I'm in quite a unique position to write this piece; as both a transgender woman and a budding journalist, I'm seeing two sides to a heated debate—and I'm seeing the reasonable points of both sides.
Long before our friends over in Ireland introduced their first ever legal gender recognition process (self identification for the first attempt was a brave move), campaigners in Britain have been hotly debating for the Gender Recognition Act to be replaced, the main argument being that it is out of date and is undignified for transgender people. It medicalises something that shouldn't be medicalised, our right to self expression and our right to know who we are without needing a doctor's approval. The side for self ID raises valid points, and I've long sided with them. I know that I would jump at the opportunity myself to be able to fill out a simple form and have my gender recognised without having to go through the humiliating gender recognition process—and have to pay for the privilege.

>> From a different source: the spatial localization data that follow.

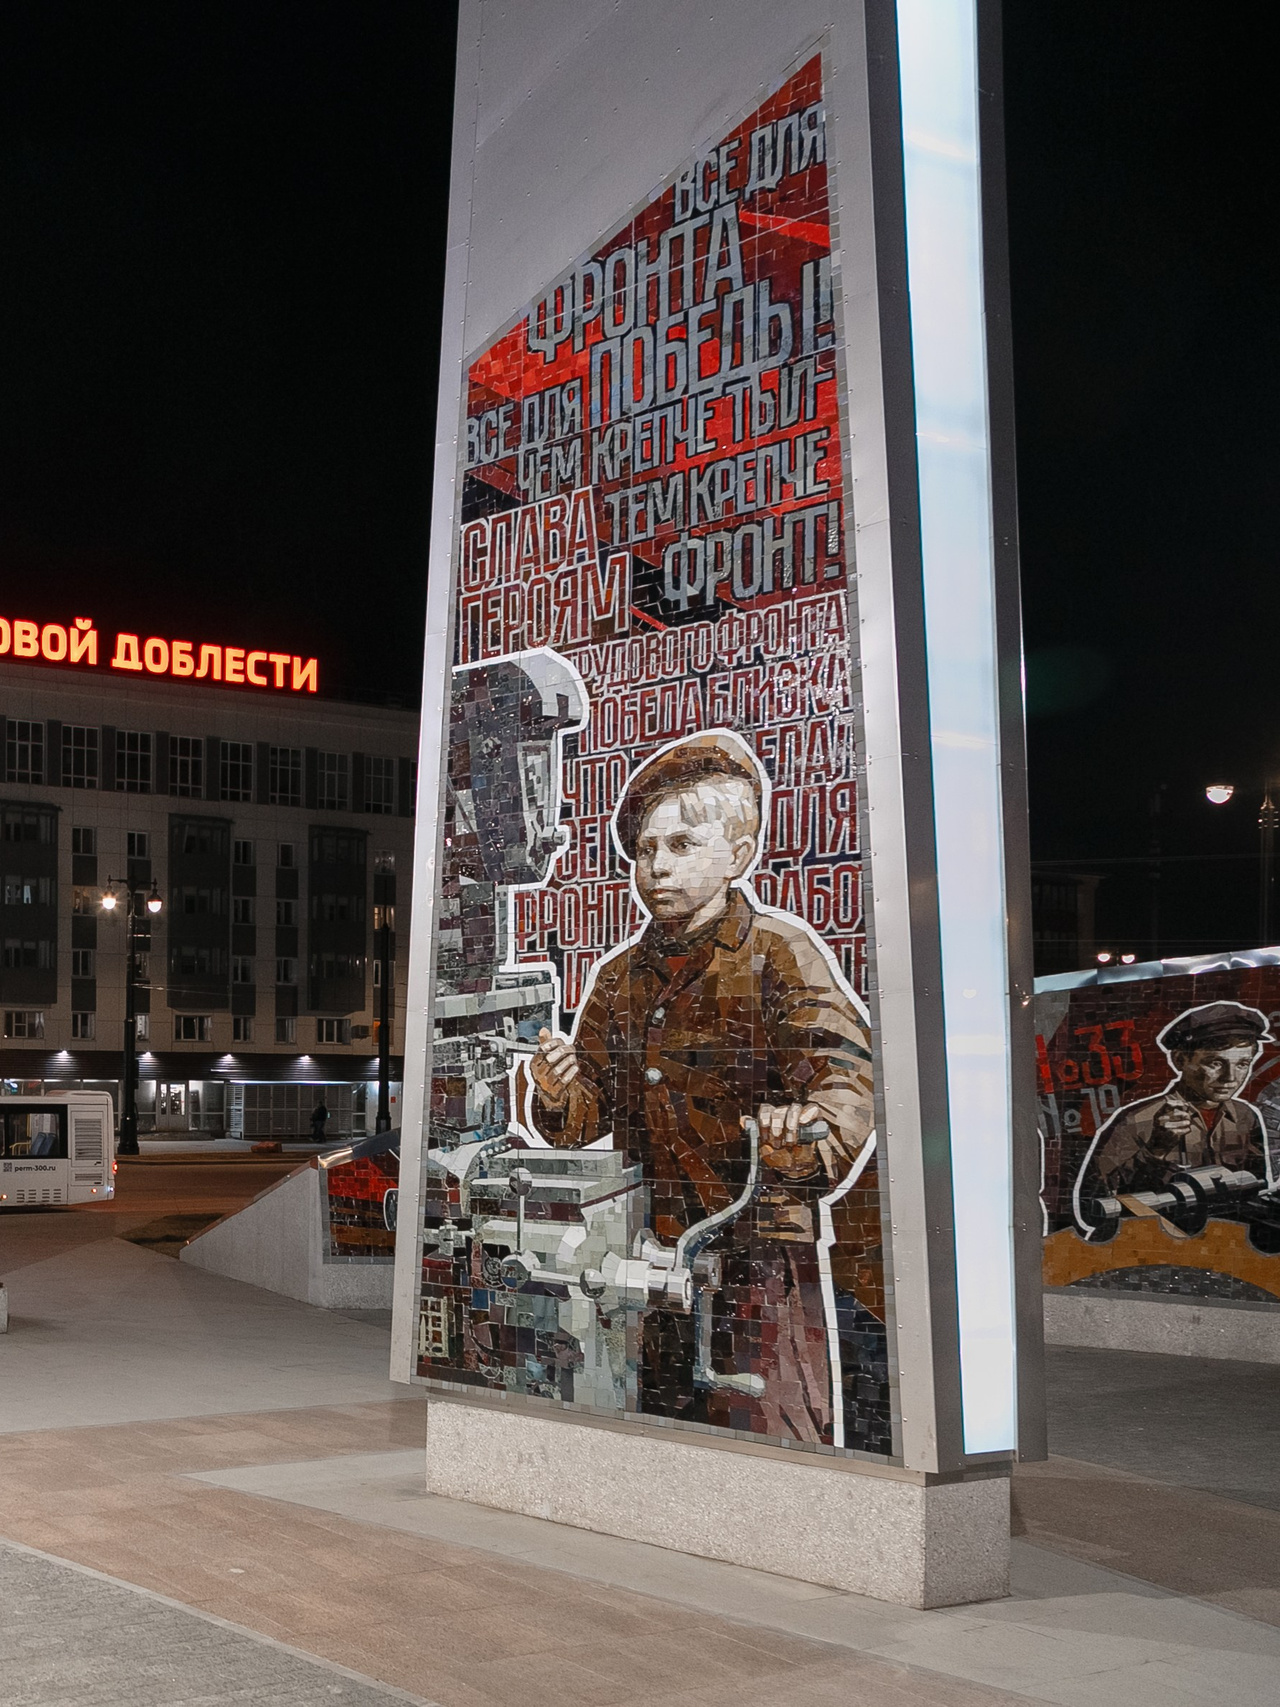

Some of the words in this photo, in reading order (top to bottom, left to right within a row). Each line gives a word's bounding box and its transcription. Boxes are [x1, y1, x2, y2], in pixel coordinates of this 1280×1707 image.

[674, 139, 742, 224] ВСЕ
[745, 102, 826, 202] ДЛЯ
[526, 202, 745, 364] ФРОНТА
[466, 402, 514, 464] ВСЕ
[520, 377, 584, 446] ДЛЯ
[517, 435, 582, 502] ЧЕМ
[591, 397, 717, 485] КРЕПЧЕ
[460, 486, 598, 592] СЛАВА
[604, 471, 685, 547] ТЕМ
[689, 426, 832, 527] КРЕПЧЕ
[457, 551, 631, 665] ГЕРОЯМ
[662, 501, 840, 611] ФРОНТ!
[112, 633, 318, 692] ДОБЛЕСТИ
[715, 589, 851, 666] ФРОНТА
[578, 677, 706, 756] ПОБЕДА
[705, 650, 853, 729] БЛИЗКА
[562, 751, 630, 819] ЧТО
[759, 778, 862, 870] ДЛЯ
[14, 1164, 56, 1172] perm-300.ru

Over in Ireland, applying to change your gender is now said to be easier than it is to apply for a new passport. That's a huge step forward for the transgender community, and one which should be welcomed with open arms. But you also have to listen to the other side of the debate, because they have valid points too.
What happens to spaces reserved purely for women? Restrooms, women-only house shares, female-only jobs, changing rooms, shelters reserved for female survivors of domestic abuse? Of course, transgender women should always be seen as just that—women! But there are legitimate fears of people changing their gender without going through any form of diagnosis of gender dysphoria or going through any form of treatment, and then being able to access these female-only spaces without any question as to their intention to be in there. Don't get me wrong, the chances of a man forsaking his male privilege purely to snoop in on female-only safe spaces is pretty slim, but you have to understand that fears are there and these need to be addressed.

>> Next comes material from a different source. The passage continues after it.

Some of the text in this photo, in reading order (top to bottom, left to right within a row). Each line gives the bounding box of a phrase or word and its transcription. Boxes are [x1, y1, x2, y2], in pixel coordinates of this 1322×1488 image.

Gender is a debate that must be had by society in order to reach an outcome that works for everyone involved. And, currently, we're not having that debate properly. Activists for self ID are slinging the "transphobic" word around as though it's going out of fashion, and those against self ID are using the boring "women don't have dicks" phrase way too often.

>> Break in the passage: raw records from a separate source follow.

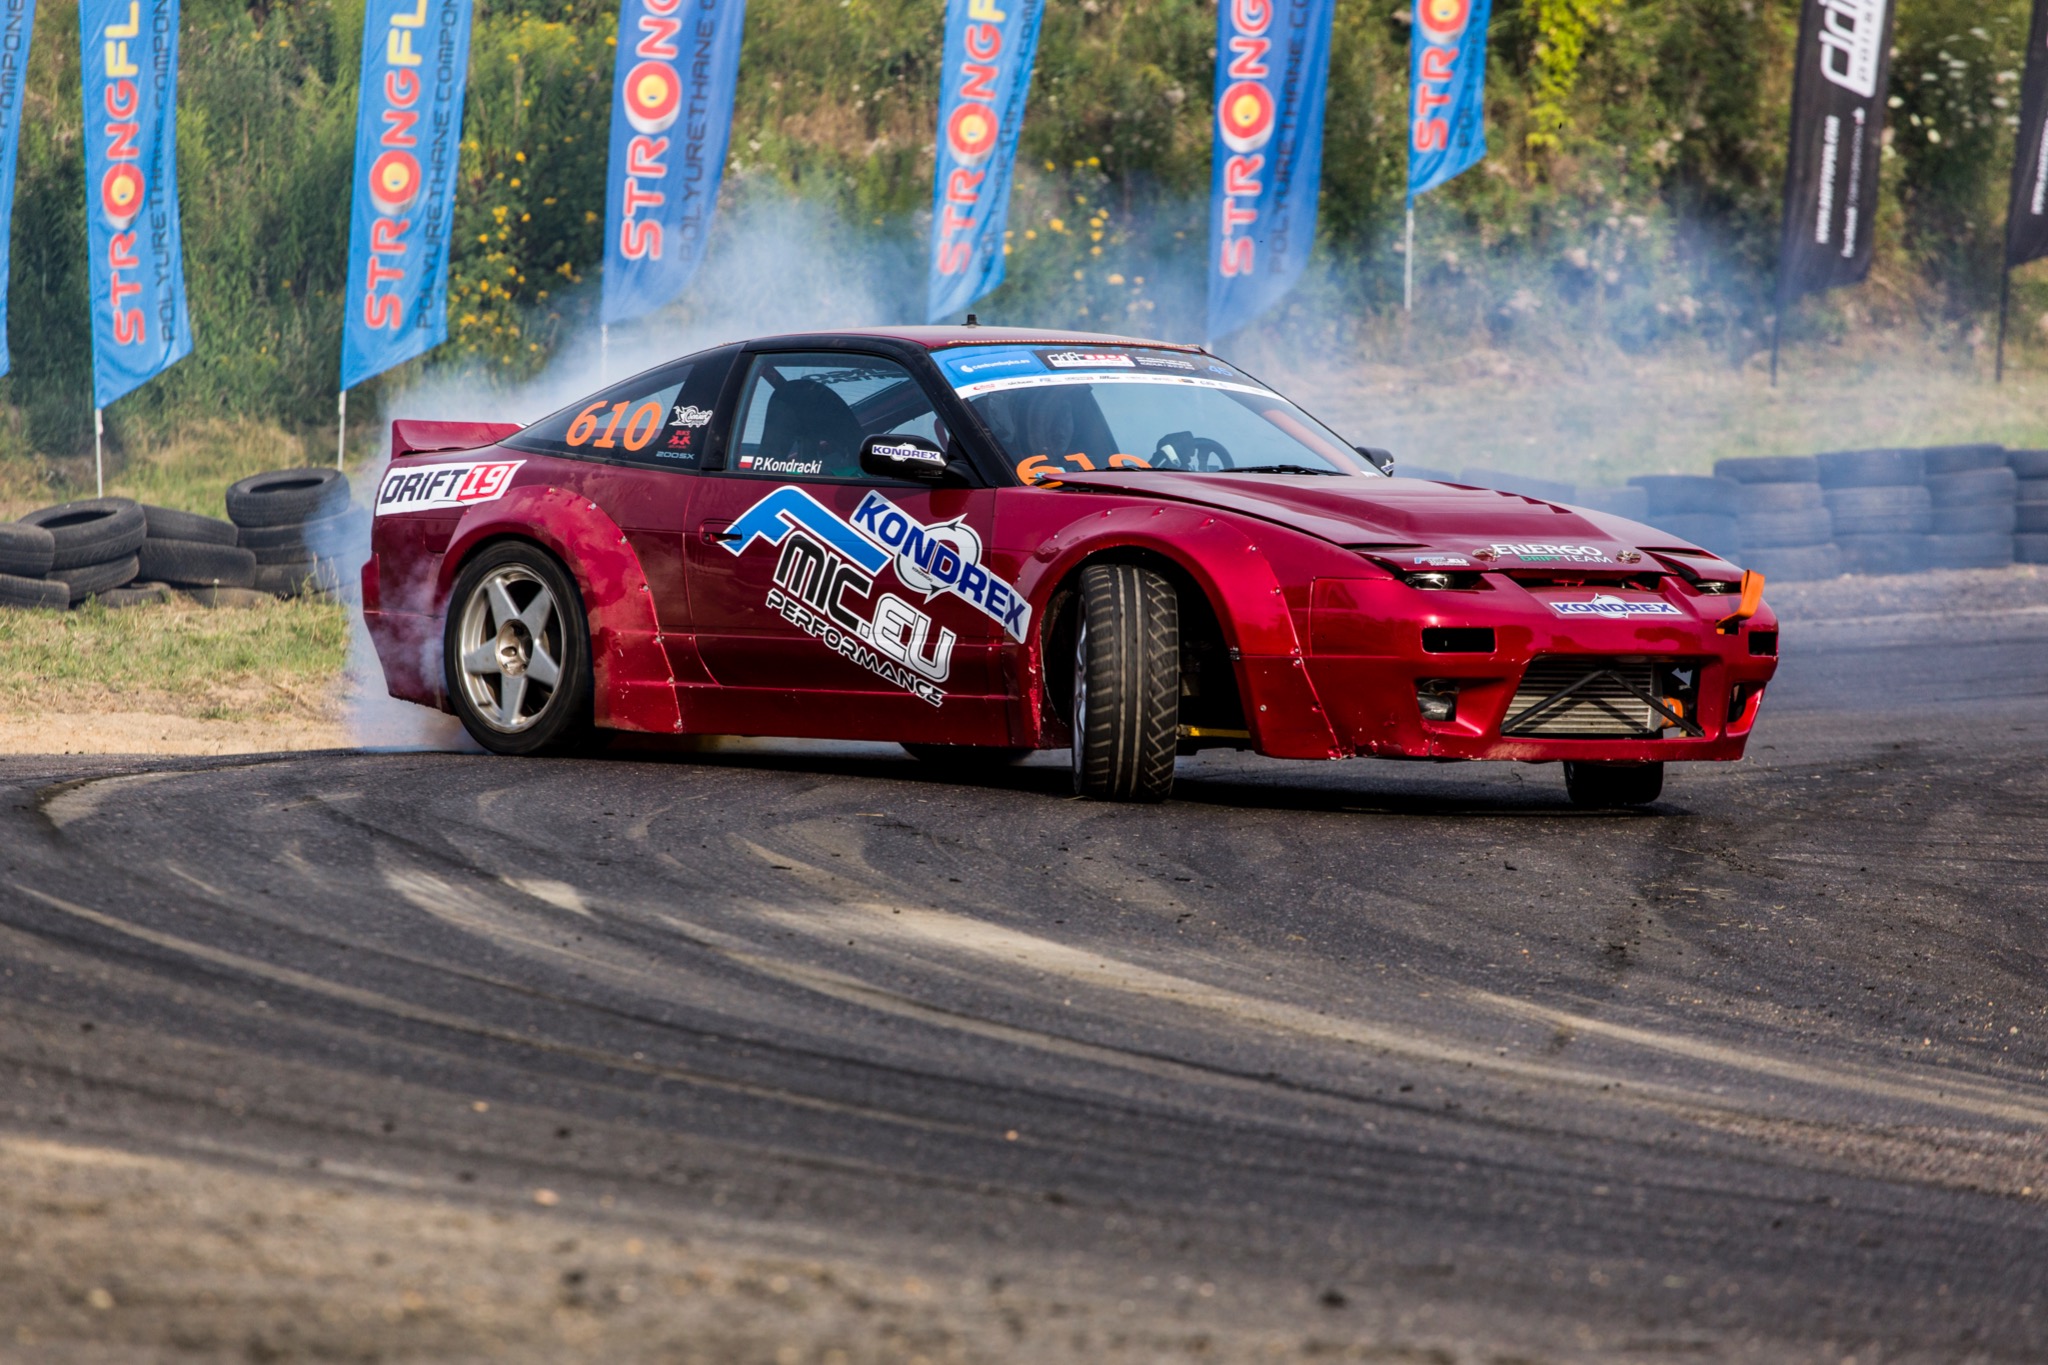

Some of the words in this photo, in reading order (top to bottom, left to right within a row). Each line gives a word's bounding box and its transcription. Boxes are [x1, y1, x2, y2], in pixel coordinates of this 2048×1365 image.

[678, 19, 715, 261] POLYURETHANE
[565, 400, 663, 451] 610
[656, 451, 695, 460] 200SX
[873, 446, 938, 460] KONDREX
[753, 456, 822, 474] P.Kondracki
[1490, 544, 1603, 557] ENERGO
[1560, 555, 1614, 564] TEAM
[854, 494, 1027, 636] KONDREX
[773, 530, 957, 682] MIC.EU
[1553, 603, 1678, 613] KONDREX
[765, 587, 948, 708] PERFORMANCE

We absolutely need to have a sensible, and open, discussion about this so that we can have effective, and world leading, policy in this area. We need policy that protects the interests of everyone, but the way things are at the moment we're going to either be left with outdated policy or we're going to rush in new policy that leaves one side out of the debate because to be called "transphobic" is a nightmare for the party PR team.
In order to establish whether or not the gender recognition process needs to be changed, we first need to identify the issues.
The process, as it stands, degrades transgender people by requiring them to go through a lengthy and costly process of proving their identity to a panel of people they've never met and likely never will meet. You have to have been living in your gender identity for at least two years, and you need to have a letter from a doctor or gender clinic either confirming your transition or declaring that you have been through the medical transition completely. You have to show years' worth of photos to strangers to prove you've been living in your gender role. You have to show all of your name change documents to prove you've taken on the new identity. You have to essentially make yourself completely vulnerable to scrutiny purely to be recognised as who you truly know you are. It's a flawed system that many transgender people don't even go through at all because they don't want to face the scrutiny of it.
However, the current system does have some positives to it. To say you must have lived in your gender identity for a certain length of time is a reasonable request to make. It wouldn't be fair to anyone to allow people to come out as transgender one day and the next day they are legally recognised as a different gender. I've seen many people detransition and change their minds in order to know that this would not be a sensible idea.
But, at the same time, self identification is a must if we are to be a progressive country and move forward.
Perhaps a compromise could be reached whereby transgender people are allowed to self identify, but they have to have lived as themselves for a certain length of time (let's say the current two years). Rather than proving to a panel of strangers that they have done so, perhaps we could remove the humiliating process by requiring a friend or family member to sign on the dotted line of the form declaring that they support the applicant as living in their new gender role for two years.
This process would be similar to that of applying for a passport or driving licence, whereby you must have someone support your application and sign to say that the photo is definitely you. Rather than having to persuade a group of people you are who you say you are, it would make more sense to allow people to find someone who knows them to legally declare their knowing that person has been transitioned for two years.
I believe this would be a fair compromise. It would prevent people from making an off-the-cuff decision to legally change their gender without thinking it through, going through the process of transitioning and showing that they're not going to change their mind later down the track. But it would also remove the humiliation from the current process and allow people to self identify.